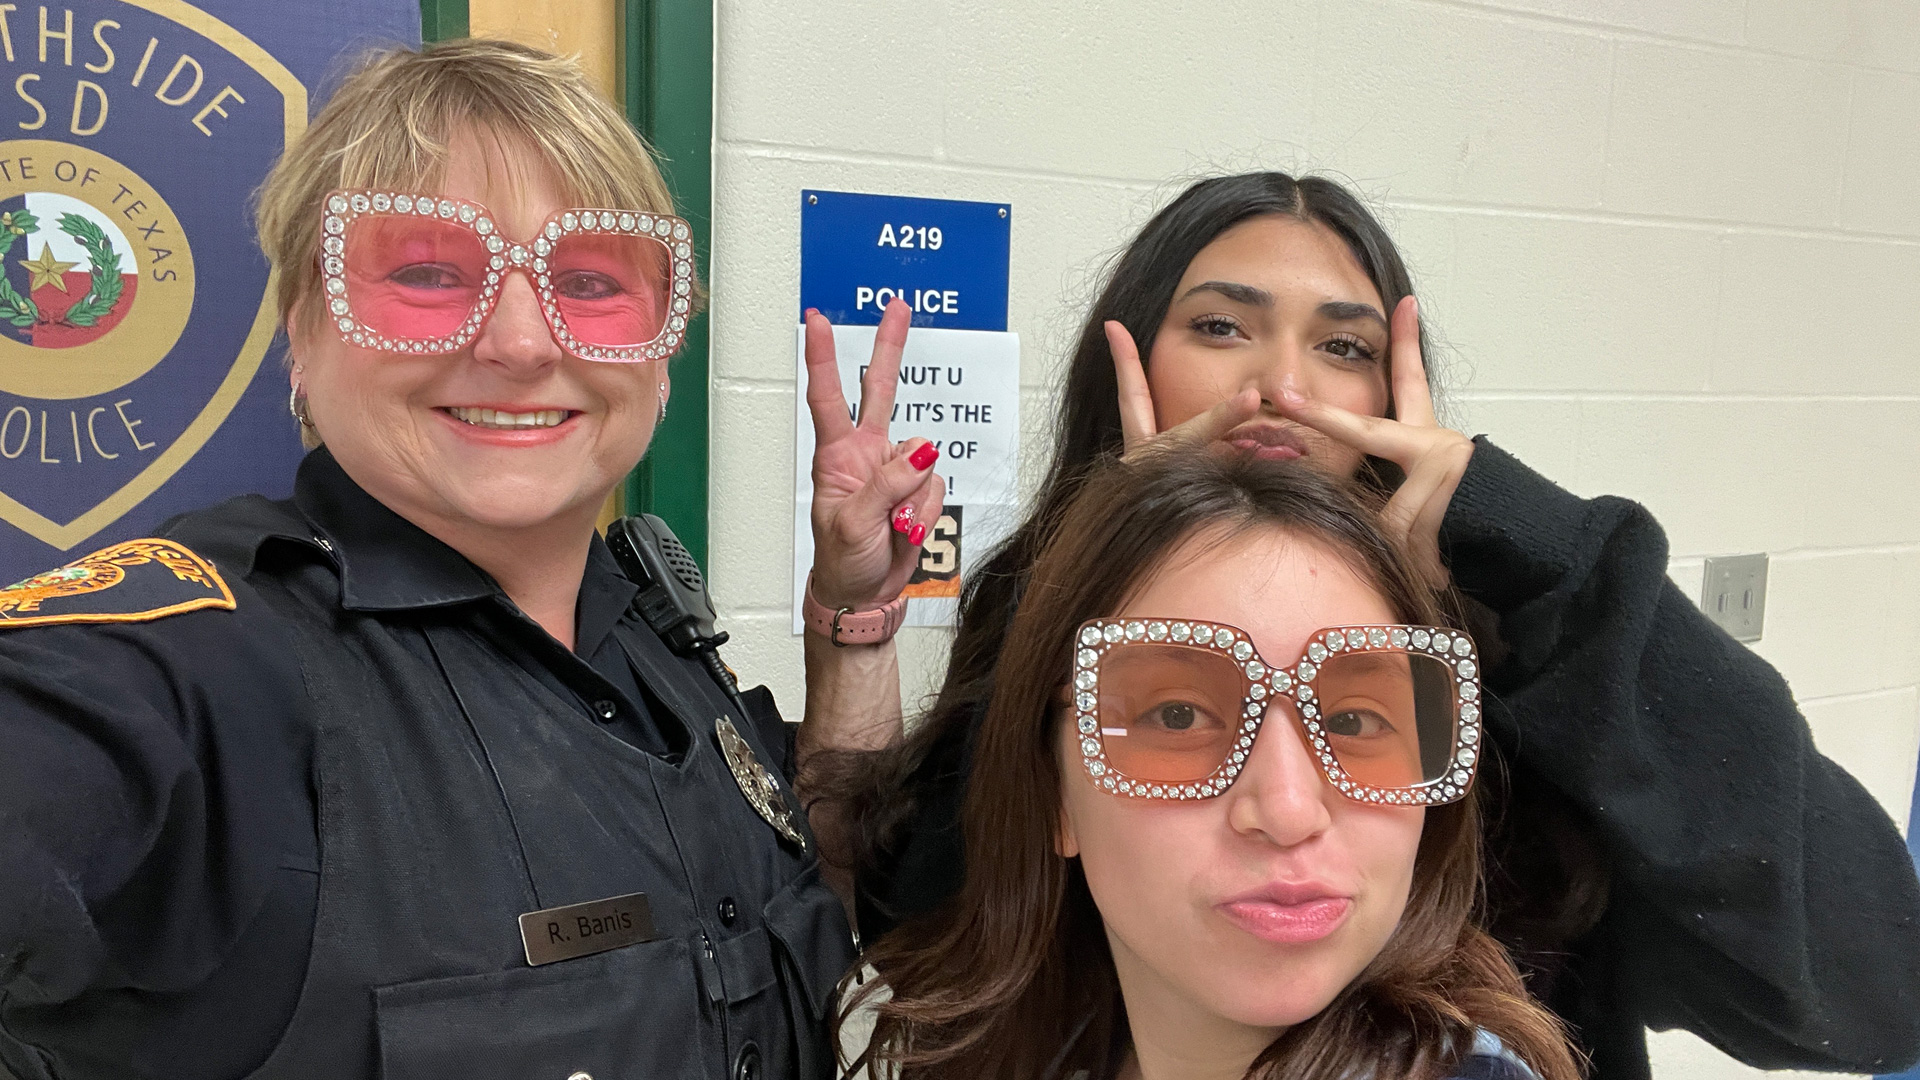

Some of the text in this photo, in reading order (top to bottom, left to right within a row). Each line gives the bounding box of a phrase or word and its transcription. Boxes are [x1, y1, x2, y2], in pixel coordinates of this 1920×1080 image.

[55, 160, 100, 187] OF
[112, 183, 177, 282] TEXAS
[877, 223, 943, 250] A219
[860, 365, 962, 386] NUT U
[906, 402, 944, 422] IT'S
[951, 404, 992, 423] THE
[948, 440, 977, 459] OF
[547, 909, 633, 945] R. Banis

### AIM OF THE TASK:
Set the listing down verbatim, excluding pictures.

### EXPECTED ANSWER:
Some of the text in this photo, in reading order (top to bottom, left to right within a row). Each line gives the bounding box of a phrase or word and its transcription. Boxes are [x1, y1, x2, y2], in pixel coordinates of this 1920×1080 image.

[55, 160, 100, 187] OF
[112, 183, 177, 282] TEXAS
[877, 223, 943, 250] A219
[860, 365, 962, 386] NUT U
[906, 402, 944, 422] IT'S
[951, 404, 992, 423] THE
[948, 440, 977, 459] OF
[547, 909, 633, 945] R. Banis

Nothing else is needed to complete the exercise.